[Task brief]:
Return the lines from the one containing "this 1500×1000 image." to the end of the material, both end lines included, exactly and with nothing else.

___ Exercise input ___

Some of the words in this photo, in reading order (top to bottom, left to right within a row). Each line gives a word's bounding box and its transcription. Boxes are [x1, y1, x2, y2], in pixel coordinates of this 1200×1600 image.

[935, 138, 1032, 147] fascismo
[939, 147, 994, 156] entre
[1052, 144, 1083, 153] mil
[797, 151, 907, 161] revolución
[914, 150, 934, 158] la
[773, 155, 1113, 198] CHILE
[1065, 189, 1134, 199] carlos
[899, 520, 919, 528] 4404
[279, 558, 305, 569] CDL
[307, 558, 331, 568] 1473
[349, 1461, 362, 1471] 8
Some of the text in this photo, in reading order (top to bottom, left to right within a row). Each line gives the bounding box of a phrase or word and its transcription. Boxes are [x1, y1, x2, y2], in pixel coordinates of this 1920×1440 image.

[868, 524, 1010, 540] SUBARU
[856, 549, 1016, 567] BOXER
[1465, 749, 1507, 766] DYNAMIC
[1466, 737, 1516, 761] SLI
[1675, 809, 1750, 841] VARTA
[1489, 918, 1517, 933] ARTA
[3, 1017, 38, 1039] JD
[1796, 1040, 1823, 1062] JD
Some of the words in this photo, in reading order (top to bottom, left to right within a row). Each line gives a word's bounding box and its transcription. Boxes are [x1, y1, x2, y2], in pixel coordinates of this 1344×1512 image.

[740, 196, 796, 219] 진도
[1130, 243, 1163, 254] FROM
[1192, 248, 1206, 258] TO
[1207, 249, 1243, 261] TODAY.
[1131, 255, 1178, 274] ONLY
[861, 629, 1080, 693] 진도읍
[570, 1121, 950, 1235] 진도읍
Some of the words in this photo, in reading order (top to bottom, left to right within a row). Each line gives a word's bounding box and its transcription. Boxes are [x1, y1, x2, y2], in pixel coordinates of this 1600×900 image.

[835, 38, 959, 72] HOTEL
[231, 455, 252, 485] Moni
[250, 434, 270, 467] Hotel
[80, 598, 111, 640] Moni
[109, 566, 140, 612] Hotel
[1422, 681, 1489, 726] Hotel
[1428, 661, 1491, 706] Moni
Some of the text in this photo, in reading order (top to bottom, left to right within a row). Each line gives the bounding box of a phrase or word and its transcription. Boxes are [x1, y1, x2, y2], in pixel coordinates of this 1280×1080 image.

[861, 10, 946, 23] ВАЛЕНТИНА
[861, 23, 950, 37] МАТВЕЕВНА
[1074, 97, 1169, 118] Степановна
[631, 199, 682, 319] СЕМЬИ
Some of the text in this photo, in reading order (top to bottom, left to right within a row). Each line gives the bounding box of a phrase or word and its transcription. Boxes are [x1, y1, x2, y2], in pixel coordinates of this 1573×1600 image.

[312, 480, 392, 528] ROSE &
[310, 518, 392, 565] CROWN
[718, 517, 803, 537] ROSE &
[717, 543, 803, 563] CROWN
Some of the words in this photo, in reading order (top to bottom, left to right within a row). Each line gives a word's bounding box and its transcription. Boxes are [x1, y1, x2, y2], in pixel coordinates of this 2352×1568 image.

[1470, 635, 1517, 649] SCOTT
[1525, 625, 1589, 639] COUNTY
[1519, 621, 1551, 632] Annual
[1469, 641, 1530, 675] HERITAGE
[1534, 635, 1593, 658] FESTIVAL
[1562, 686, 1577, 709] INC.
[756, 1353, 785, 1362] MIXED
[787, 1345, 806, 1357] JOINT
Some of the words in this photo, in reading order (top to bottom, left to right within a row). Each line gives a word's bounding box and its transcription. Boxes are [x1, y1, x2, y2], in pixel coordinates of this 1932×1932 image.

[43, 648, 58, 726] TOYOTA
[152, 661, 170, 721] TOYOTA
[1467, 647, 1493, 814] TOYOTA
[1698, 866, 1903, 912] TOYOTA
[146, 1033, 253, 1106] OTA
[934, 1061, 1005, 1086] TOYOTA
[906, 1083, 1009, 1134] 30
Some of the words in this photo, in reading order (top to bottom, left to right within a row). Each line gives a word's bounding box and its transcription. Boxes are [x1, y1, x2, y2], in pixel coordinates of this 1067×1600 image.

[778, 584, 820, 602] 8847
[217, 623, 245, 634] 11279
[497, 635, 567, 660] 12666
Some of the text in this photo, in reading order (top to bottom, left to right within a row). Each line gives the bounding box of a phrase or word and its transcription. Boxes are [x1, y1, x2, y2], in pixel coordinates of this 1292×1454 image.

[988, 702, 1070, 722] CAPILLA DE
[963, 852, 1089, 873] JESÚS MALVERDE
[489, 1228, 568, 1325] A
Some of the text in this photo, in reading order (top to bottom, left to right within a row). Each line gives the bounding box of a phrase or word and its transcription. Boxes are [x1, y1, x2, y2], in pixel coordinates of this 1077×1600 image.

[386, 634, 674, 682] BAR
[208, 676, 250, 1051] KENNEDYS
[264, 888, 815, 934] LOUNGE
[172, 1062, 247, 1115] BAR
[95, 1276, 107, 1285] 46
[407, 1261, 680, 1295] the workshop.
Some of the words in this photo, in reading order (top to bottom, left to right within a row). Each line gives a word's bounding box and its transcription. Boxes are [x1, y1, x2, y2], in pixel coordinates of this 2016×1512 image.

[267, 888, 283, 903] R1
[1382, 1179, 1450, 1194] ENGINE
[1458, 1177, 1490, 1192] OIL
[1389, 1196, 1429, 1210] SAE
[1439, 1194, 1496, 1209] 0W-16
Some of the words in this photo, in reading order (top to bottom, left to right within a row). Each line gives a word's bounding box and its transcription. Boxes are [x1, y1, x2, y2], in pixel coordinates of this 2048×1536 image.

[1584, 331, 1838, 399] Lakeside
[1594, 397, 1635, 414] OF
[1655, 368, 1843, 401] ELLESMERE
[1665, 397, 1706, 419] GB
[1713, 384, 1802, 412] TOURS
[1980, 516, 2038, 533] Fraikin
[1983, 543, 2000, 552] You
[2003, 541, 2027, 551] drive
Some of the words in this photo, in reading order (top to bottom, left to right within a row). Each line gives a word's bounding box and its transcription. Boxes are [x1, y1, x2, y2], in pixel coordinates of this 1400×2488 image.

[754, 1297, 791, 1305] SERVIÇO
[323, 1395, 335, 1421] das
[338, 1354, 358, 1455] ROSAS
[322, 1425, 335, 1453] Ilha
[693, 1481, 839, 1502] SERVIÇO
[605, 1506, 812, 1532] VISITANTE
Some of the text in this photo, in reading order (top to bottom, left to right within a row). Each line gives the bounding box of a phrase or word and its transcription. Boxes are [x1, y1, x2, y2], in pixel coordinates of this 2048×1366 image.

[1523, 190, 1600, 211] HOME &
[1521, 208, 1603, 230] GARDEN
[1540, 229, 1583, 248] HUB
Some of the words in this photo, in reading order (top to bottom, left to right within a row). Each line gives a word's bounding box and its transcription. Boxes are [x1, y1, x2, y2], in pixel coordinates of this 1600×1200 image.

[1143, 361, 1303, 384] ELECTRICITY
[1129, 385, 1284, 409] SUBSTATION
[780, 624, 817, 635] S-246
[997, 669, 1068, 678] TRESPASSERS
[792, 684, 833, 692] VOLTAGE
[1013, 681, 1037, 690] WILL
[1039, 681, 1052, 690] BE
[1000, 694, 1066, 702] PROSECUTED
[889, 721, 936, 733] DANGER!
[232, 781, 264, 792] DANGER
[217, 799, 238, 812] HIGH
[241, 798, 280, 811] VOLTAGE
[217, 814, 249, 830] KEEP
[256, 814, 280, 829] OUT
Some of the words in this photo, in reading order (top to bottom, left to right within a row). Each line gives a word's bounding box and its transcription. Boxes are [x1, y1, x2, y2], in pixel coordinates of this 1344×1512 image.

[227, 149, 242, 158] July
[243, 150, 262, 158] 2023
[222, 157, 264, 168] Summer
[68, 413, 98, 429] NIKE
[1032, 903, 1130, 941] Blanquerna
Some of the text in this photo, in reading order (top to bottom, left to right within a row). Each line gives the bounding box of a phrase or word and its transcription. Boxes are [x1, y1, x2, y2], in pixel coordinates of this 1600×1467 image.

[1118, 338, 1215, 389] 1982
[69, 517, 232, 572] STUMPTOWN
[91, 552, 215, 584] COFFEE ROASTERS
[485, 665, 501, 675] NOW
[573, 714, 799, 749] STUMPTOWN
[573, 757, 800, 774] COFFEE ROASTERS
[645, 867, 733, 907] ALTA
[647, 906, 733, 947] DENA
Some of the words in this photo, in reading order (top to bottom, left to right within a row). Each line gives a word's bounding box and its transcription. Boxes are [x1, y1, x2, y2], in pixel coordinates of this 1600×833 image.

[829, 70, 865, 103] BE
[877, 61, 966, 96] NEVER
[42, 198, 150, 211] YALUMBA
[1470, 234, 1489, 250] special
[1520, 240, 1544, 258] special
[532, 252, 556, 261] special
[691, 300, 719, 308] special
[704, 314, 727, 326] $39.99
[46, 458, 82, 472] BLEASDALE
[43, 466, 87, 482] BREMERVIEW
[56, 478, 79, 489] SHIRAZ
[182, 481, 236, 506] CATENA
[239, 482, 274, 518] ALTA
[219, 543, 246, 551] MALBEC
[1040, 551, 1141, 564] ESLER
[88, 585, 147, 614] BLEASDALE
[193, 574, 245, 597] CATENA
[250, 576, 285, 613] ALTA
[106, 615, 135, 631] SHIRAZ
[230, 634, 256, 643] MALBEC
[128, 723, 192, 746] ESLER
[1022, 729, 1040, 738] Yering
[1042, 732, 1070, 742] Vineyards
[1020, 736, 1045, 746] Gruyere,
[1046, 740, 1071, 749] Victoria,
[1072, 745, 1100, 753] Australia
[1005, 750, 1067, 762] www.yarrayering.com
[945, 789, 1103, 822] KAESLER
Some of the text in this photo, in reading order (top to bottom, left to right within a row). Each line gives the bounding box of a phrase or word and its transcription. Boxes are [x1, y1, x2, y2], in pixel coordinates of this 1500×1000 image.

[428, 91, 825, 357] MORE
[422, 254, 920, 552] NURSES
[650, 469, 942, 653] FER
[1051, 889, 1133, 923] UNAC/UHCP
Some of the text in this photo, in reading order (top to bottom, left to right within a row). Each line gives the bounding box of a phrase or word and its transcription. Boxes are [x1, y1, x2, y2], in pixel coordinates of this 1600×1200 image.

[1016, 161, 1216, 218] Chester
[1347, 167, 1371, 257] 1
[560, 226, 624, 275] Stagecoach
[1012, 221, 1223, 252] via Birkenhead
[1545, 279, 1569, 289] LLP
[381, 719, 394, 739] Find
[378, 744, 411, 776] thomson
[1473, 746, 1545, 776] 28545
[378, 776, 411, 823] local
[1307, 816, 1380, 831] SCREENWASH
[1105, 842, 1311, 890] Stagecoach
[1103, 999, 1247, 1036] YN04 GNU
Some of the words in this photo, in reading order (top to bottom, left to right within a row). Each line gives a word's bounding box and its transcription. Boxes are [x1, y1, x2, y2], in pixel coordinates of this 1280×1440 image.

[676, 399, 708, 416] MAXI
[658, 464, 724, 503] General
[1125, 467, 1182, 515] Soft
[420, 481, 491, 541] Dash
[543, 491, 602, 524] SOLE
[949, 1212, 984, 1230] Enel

___

[Written solution]:
Some of the text in this photo, in reading order (top to bottom, left to right within a row). Each line gives the bounding box of a phrase or word and its transcription. Boxes are [x1, y1, x2, y2], in pixel coordinates of this 1500×1000 image.

[428, 91, 825, 357] MORE
[422, 254, 920, 552] NURSES
[650, 469, 942, 653] FER
[1051, 889, 1133, 923] UNAC/UHCP
Some of the text in this photo, in reading order (top to bottom, left to right within a row). Each line gives the bounding box of a phrase or word and its transcription. Boxes are [x1, y1, x2, y2], in pixel coordinates of this 1600×1200 image.

[1016, 161, 1216, 218] Chester
[1347, 167, 1371, 257] 1
[560, 226, 624, 275] Stagecoach
[1012, 221, 1223, 252] via Birkenhead
[1545, 279, 1569, 289] LLP
[381, 719, 394, 739] Find
[378, 744, 411, 776] thomson
[1473, 746, 1545, 776] 28545
[378, 776, 411, 823] local
[1307, 816, 1380, 831] SCREENWASH
[1105, 842, 1311, 890] Stagecoach
[1103, 999, 1247, 1036] YN04 GNU
Some of the words in this photo, in reading order (top to bottom, left to right within a row). Each line gives a word's bounding box and its transcription. Boxes are [x1, y1, x2, y2], in pixel coordinates of this 1280×1440 image.

[676, 399, 708, 416] MAXI
[658, 464, 724, 503] General
[1125, 467, 1182, 515] Soft
[420, 481, 491, 541] Dash
[543, 491, 602, 524] SOLE
[949, 1212, 984, 1230] Enel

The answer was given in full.